According to the Bank of Israel's Research Department’s assessment, GDP contracted by 5% in the first quarter (quarterly terms). Based on the Department’s macroeconomic forecast, assuming that the main part of the coronavirus restrictions are removed gradually by the end of June, negative growth of approximately 5% is expected in 2020, with an unemployment rate of 6% (annual average). The beginning of a recovery in the third quarter will lead to growth of 9% in 2021, though the unemployment rate is expected to decline gradually and only toward the end of 2021 will it approach the low pre-crisis levels. The debt to GDP ratio is expected to reach about 75% in 2020. Note that there is considerable uncertainty regarding the forecast crisis, in view of the lack of clarity about the length and magnitude of the crisis.

The Bank of Israel expects global growth to contract markedly in 2020, and the spread of the crisis has led to very strong policy responses by central banks and governments. Commodity prices collapsed by tens of percent. In China, a recovery in economic activity is starting to be observed.

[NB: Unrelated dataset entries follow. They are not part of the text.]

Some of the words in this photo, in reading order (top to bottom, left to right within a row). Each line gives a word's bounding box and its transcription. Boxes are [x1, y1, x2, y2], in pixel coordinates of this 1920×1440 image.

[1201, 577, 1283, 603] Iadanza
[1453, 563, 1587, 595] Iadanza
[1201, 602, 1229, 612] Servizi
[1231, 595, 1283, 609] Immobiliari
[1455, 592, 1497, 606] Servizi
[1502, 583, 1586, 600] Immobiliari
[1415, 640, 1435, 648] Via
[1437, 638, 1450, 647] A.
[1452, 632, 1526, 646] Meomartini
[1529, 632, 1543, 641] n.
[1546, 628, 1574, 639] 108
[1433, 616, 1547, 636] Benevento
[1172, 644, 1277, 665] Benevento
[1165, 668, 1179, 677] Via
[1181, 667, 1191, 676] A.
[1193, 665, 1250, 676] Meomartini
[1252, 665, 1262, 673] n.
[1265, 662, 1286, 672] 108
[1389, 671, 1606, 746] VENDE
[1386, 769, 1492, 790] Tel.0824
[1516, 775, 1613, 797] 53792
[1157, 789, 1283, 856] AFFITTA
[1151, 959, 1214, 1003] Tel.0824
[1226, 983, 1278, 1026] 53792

The Bank of Israel observes that the crisis led to a shock in capital markets in Israel and worldwide, with steep declines in equity prices and an increase in volatility and risk. In Israel, the sharp increase in government bond yields and in corporate bond spreads was halted following measures taken by the Bank of Israel and the halt of mutual fund withdrawals.

Regarding the shekel, the Bank of Israel says there has been exceptional volatility in the exchange rate, against the background of dollar liquidity distress in Israel and worldwide. The swap transactions carried out by the Bank of Israel moderated the volatility, and meanwhile, the shekel has weakened 5.8% against the dollar and 3.4% in terms of the effective exchange rate.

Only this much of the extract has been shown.